## WHAT YOU HAVE TO DO:
Give each line of the records again exactly and omit every picture.
╭─ MATERIAL FOR THIS EXERCISE
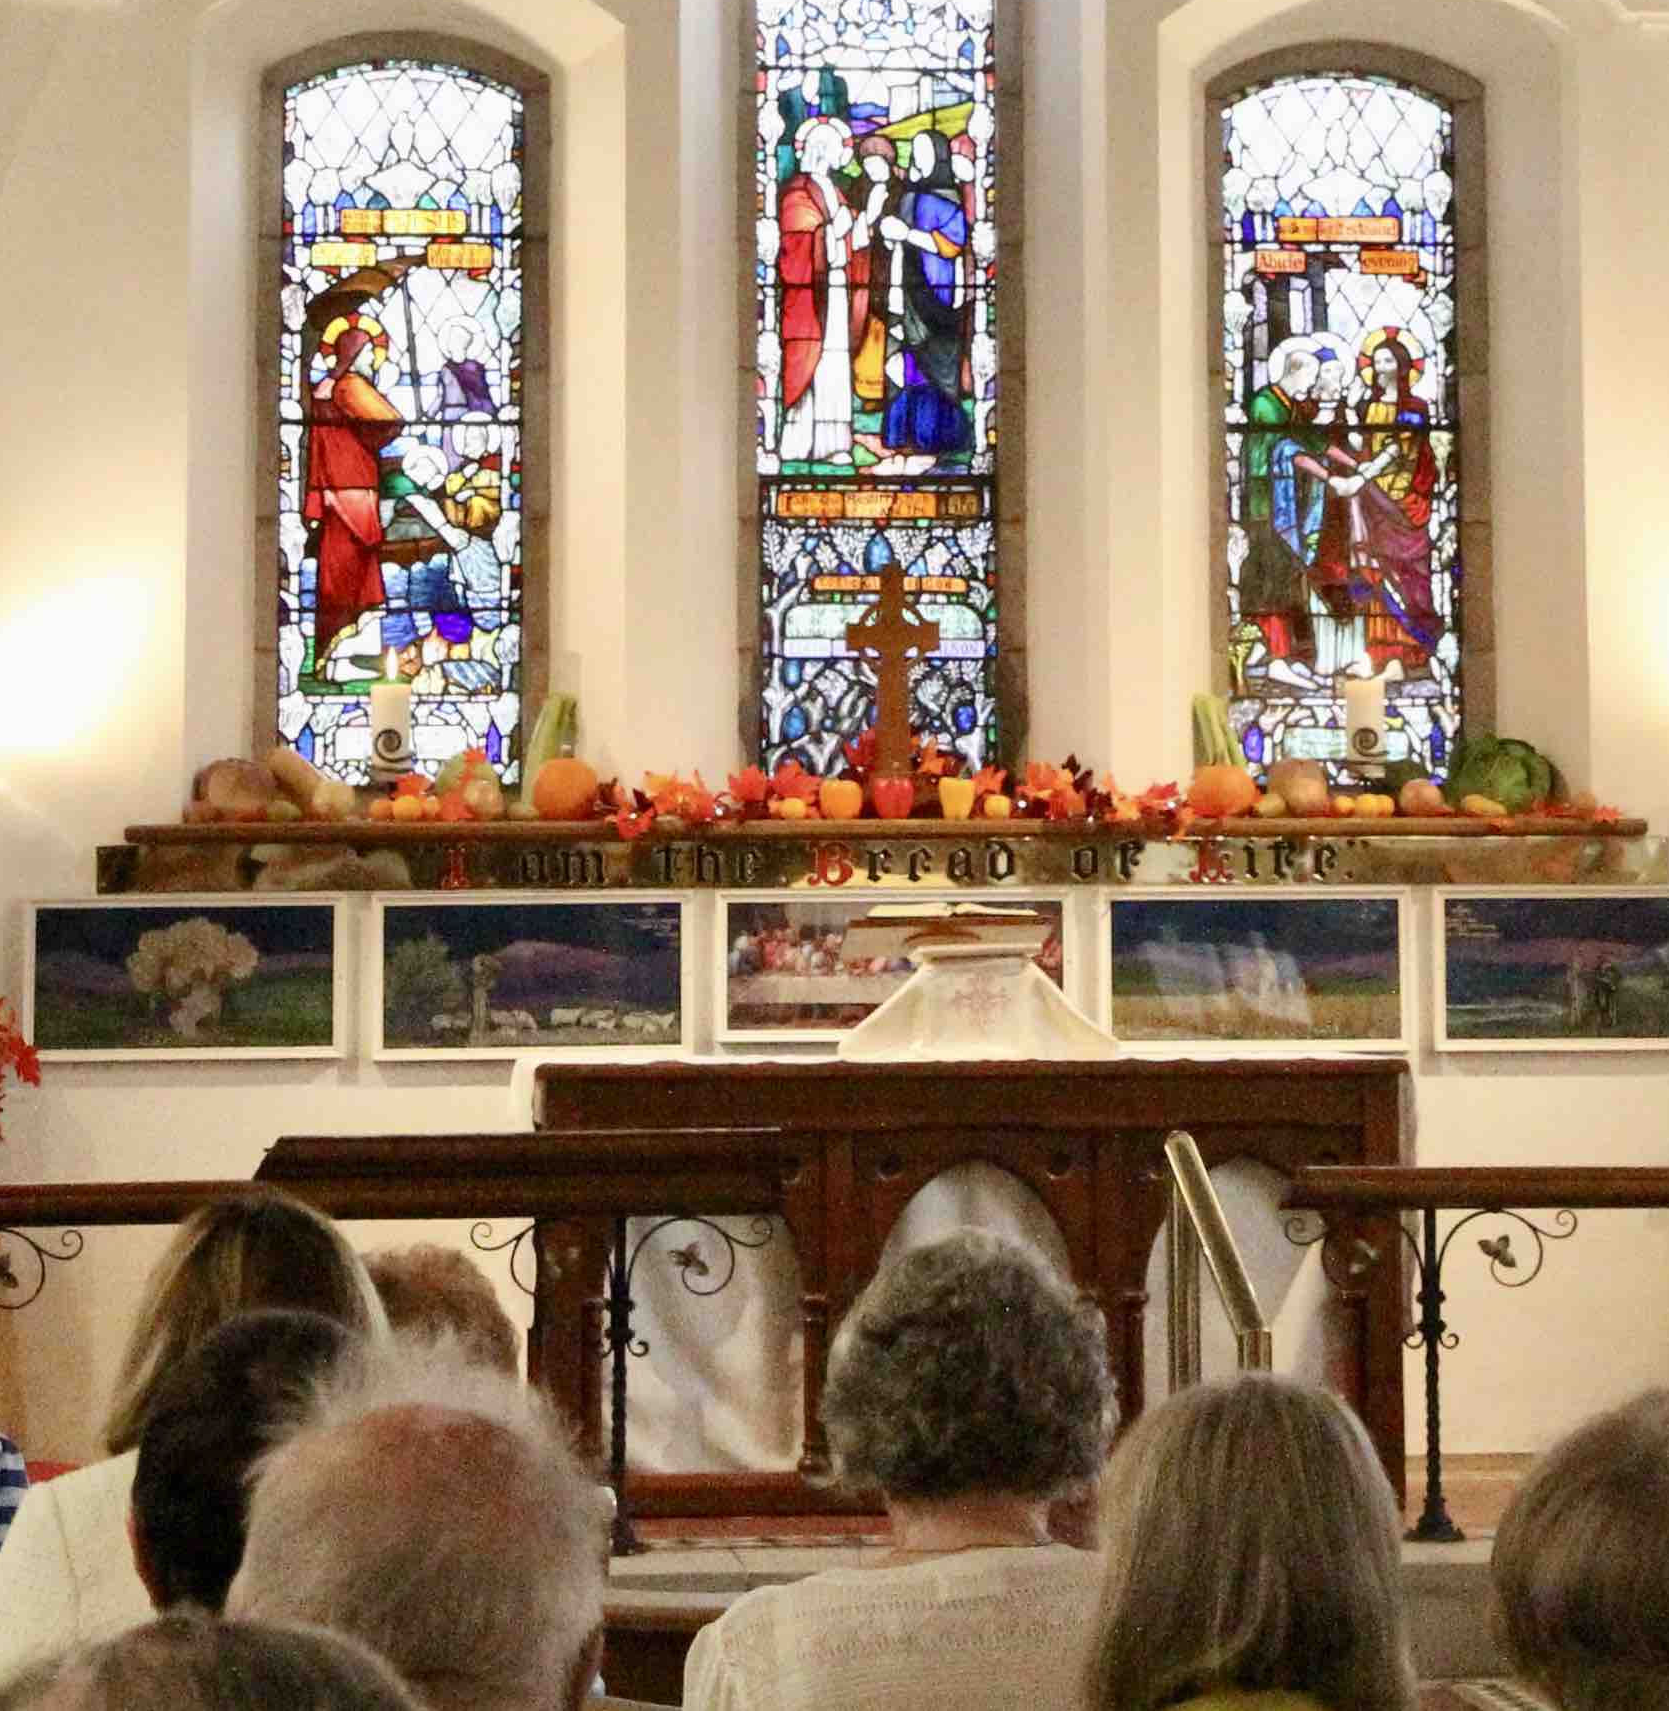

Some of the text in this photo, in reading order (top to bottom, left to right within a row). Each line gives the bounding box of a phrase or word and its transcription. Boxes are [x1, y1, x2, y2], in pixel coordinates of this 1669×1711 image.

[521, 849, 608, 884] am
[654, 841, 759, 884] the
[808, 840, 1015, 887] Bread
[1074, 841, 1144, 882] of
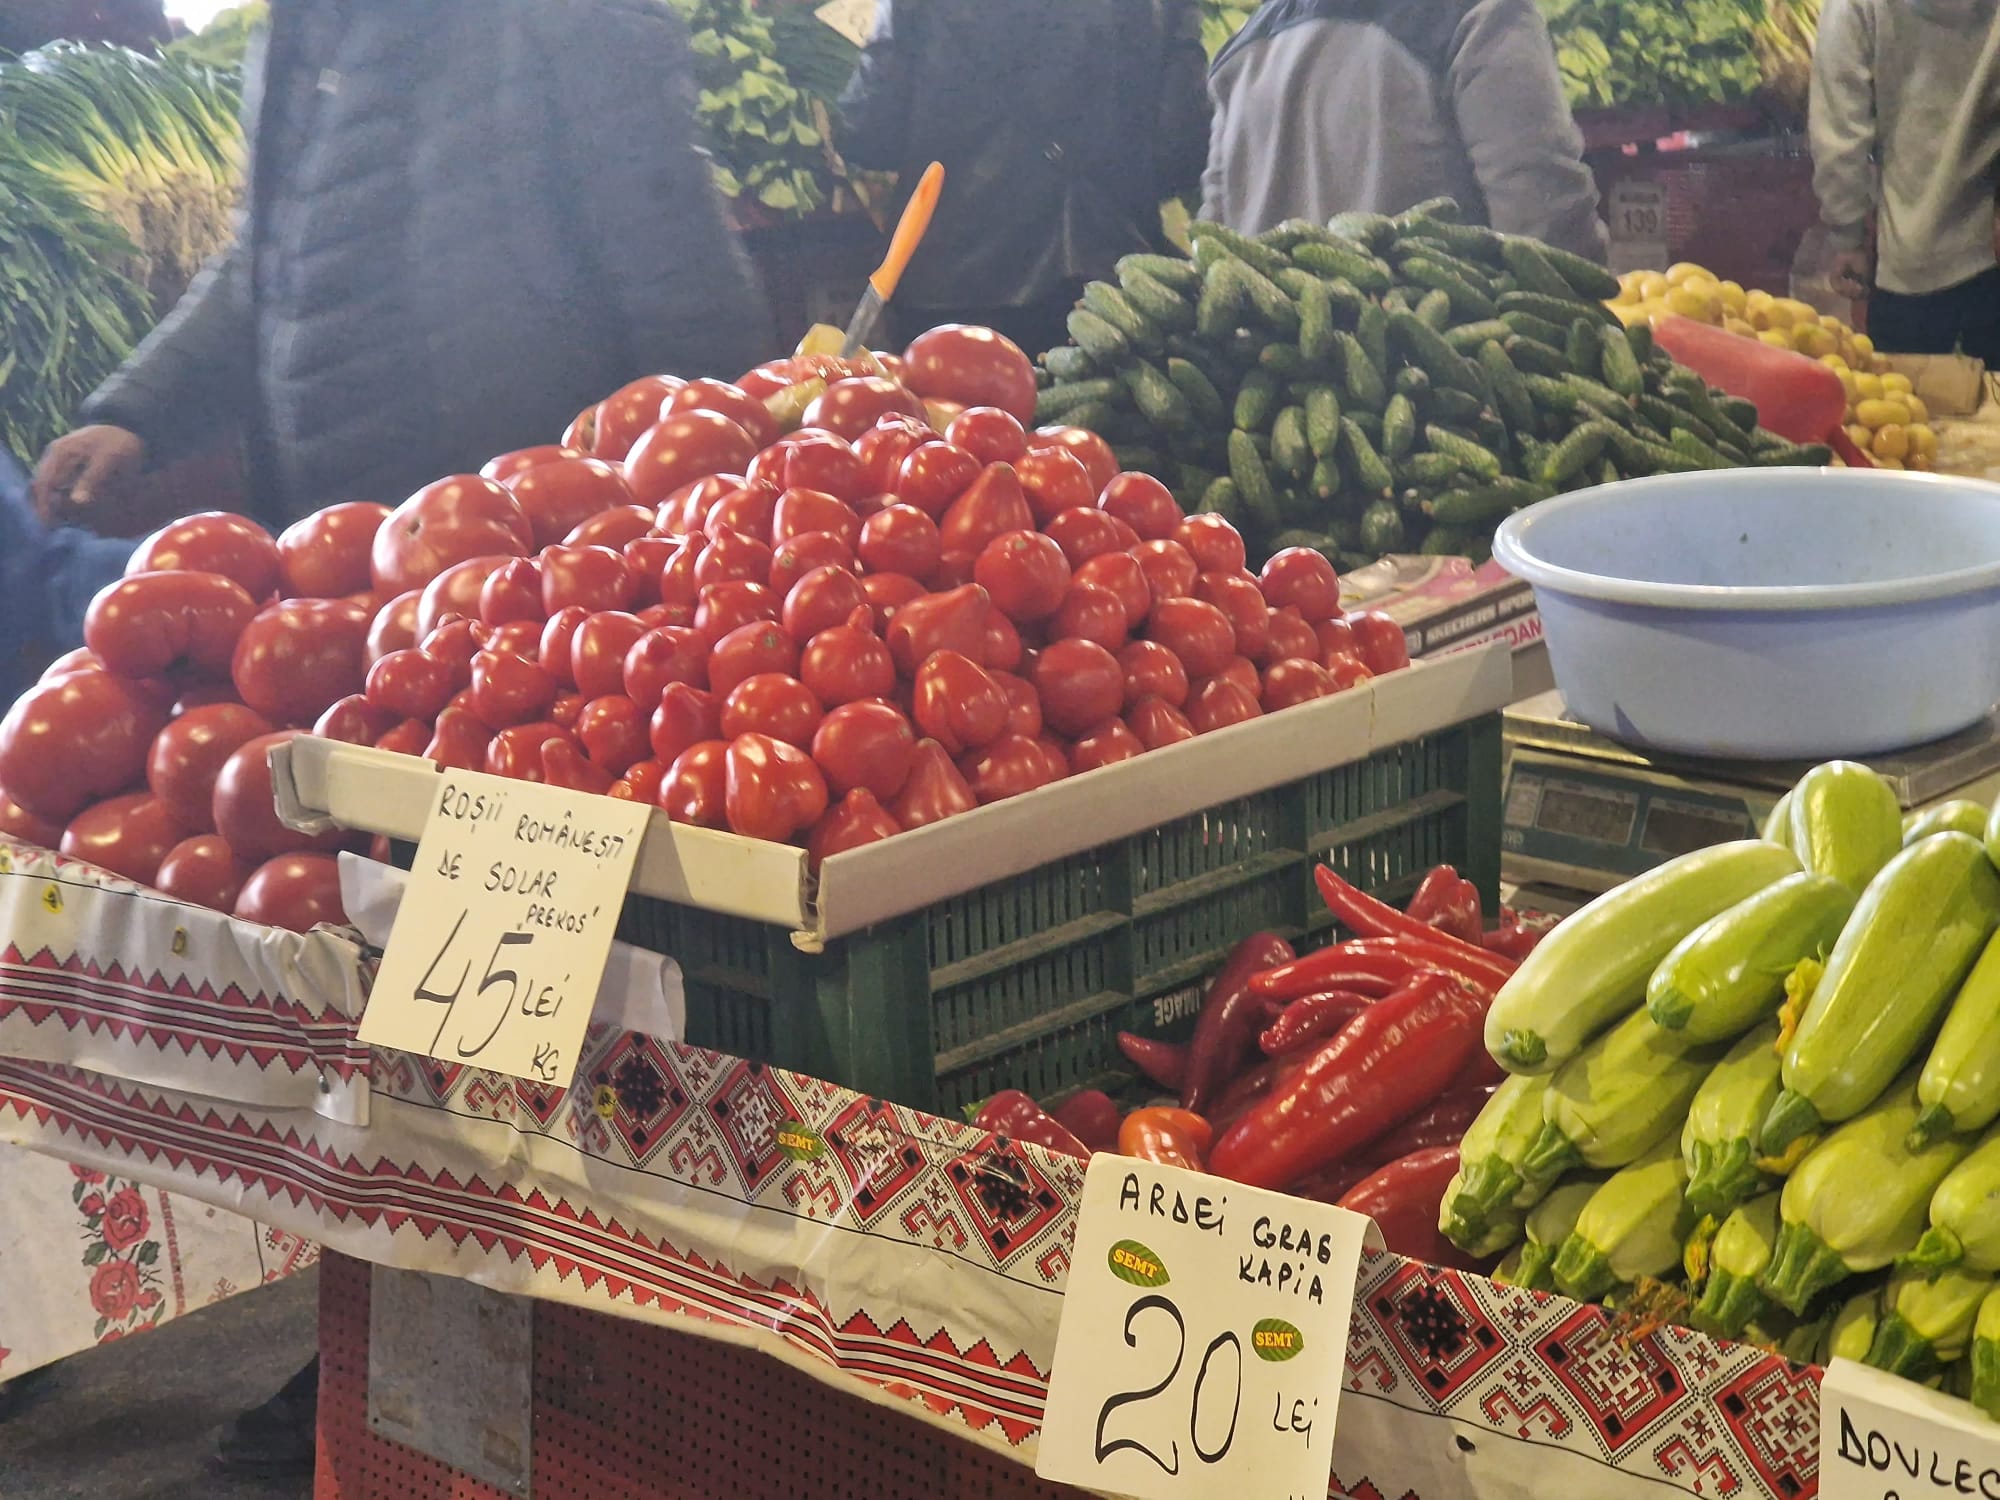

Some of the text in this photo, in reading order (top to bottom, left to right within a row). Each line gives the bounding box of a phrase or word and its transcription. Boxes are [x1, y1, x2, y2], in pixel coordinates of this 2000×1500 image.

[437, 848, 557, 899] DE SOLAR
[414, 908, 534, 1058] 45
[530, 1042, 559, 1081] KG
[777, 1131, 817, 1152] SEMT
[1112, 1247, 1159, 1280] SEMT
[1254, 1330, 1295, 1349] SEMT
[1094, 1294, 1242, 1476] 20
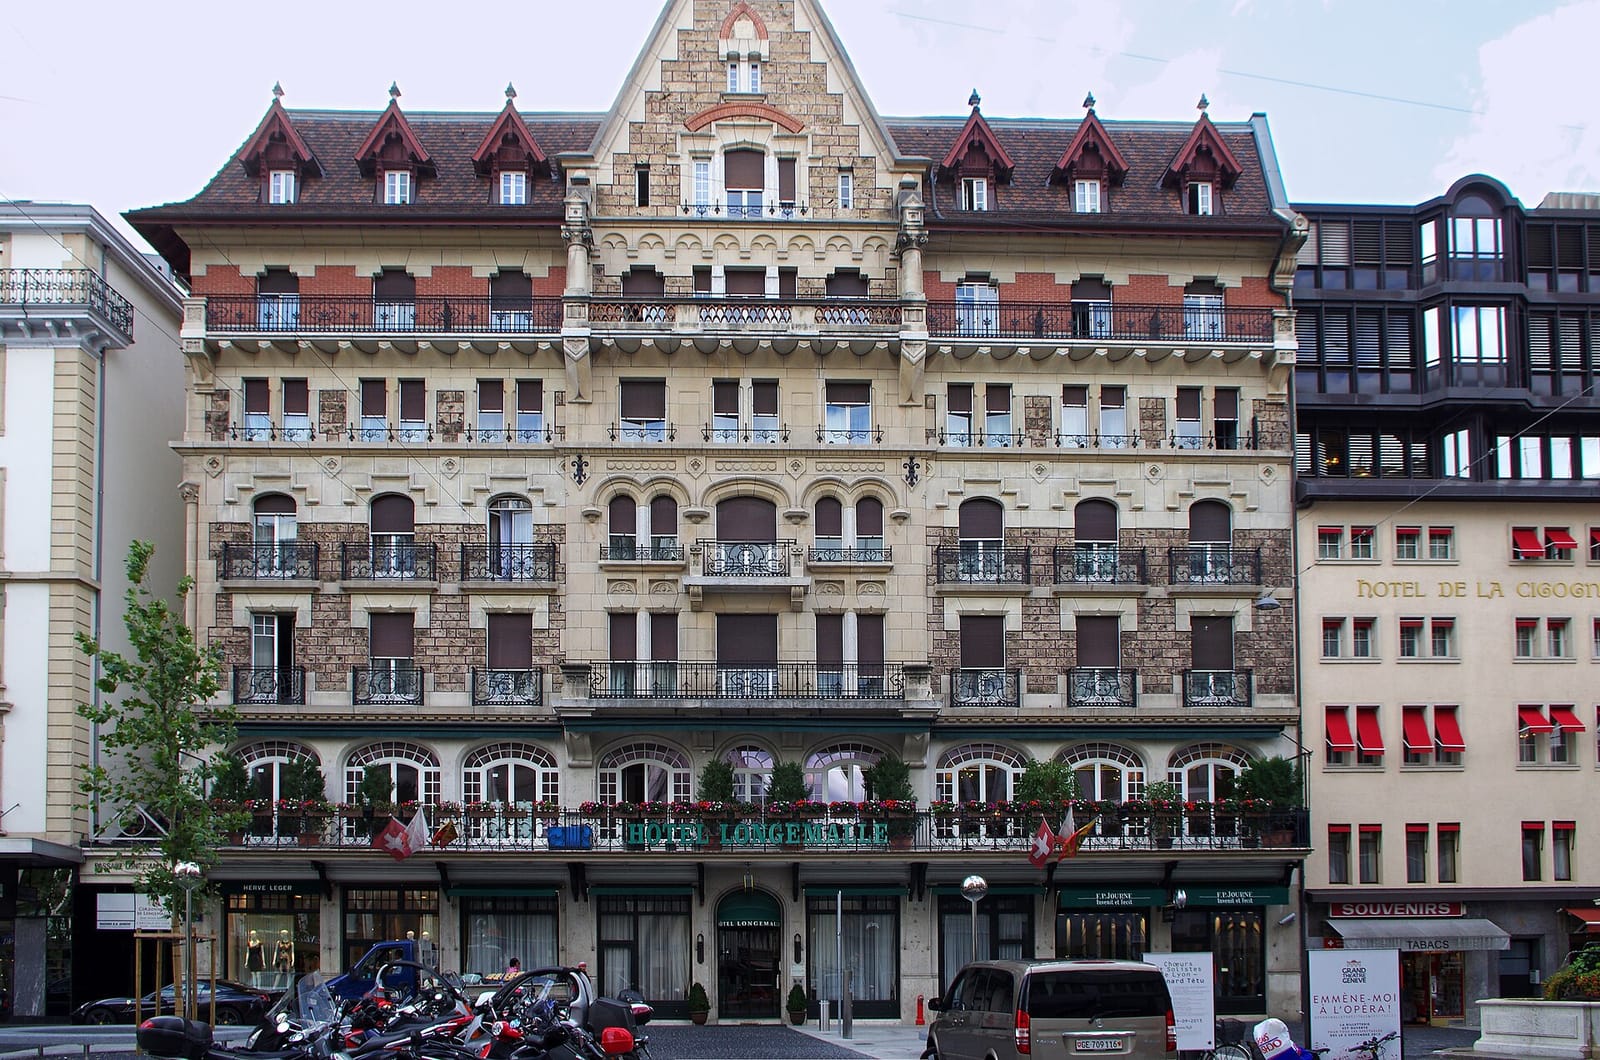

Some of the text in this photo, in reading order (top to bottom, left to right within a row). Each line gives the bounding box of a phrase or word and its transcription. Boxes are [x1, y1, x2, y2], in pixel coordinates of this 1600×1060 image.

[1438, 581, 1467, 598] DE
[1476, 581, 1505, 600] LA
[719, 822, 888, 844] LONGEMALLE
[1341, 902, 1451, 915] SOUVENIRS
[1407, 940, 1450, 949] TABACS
╰─
## ANSWER AREA:
Some of the text in this photo, in reading order (top to bottom, left to right within a row). Each line gives the bounding box of a phrase or word and its transcription. Boxes are [x1, y1, x2, y2], in pixel coordinates of this 1669×1711 image.

[521, 849, 608, 884] am
[654, 841, 759, 884] the
[808, 840, 1015, 887] Bread
[1074, 841, 1144, 882] of

Some of the text in this photo, in reading order (top to bottom, left to right within a row). Each line gives the bounding box of a phrase or word and its transcription. Boxes are [x1, y1, x2, y2], in pixel coordinates of this 2000×1500 image.

[437, 848, 557, 899] DE SOLAR
[414, 908, 534, 1058] 45
[530, 1042, 559, 1081] KG
[777, 1131, 817, 1152] SEMT
[1112, 1247, 1159, 1280] SEMT
[1254, 1330, 1295, 1349] SEMT
[1094, 1294, 1242, 1476] 20

Some of the text in this photo, in reading order (top to bottom, left to right within a row). Each line gives the bounding box of a phrase or word and its transcription. Boxes are [x1, y1, x2, y2], in pixel coordinates of this 1600×1060 image.

[1438, 581, 1467, 598] DE
[1476, 581, 1505, 600] LA
[719, 822, 888, 844] LONGEMALLE
[1341, 902, 1451, 915] SOUVENIRS
[1407, 940, 1450, 949] TABACS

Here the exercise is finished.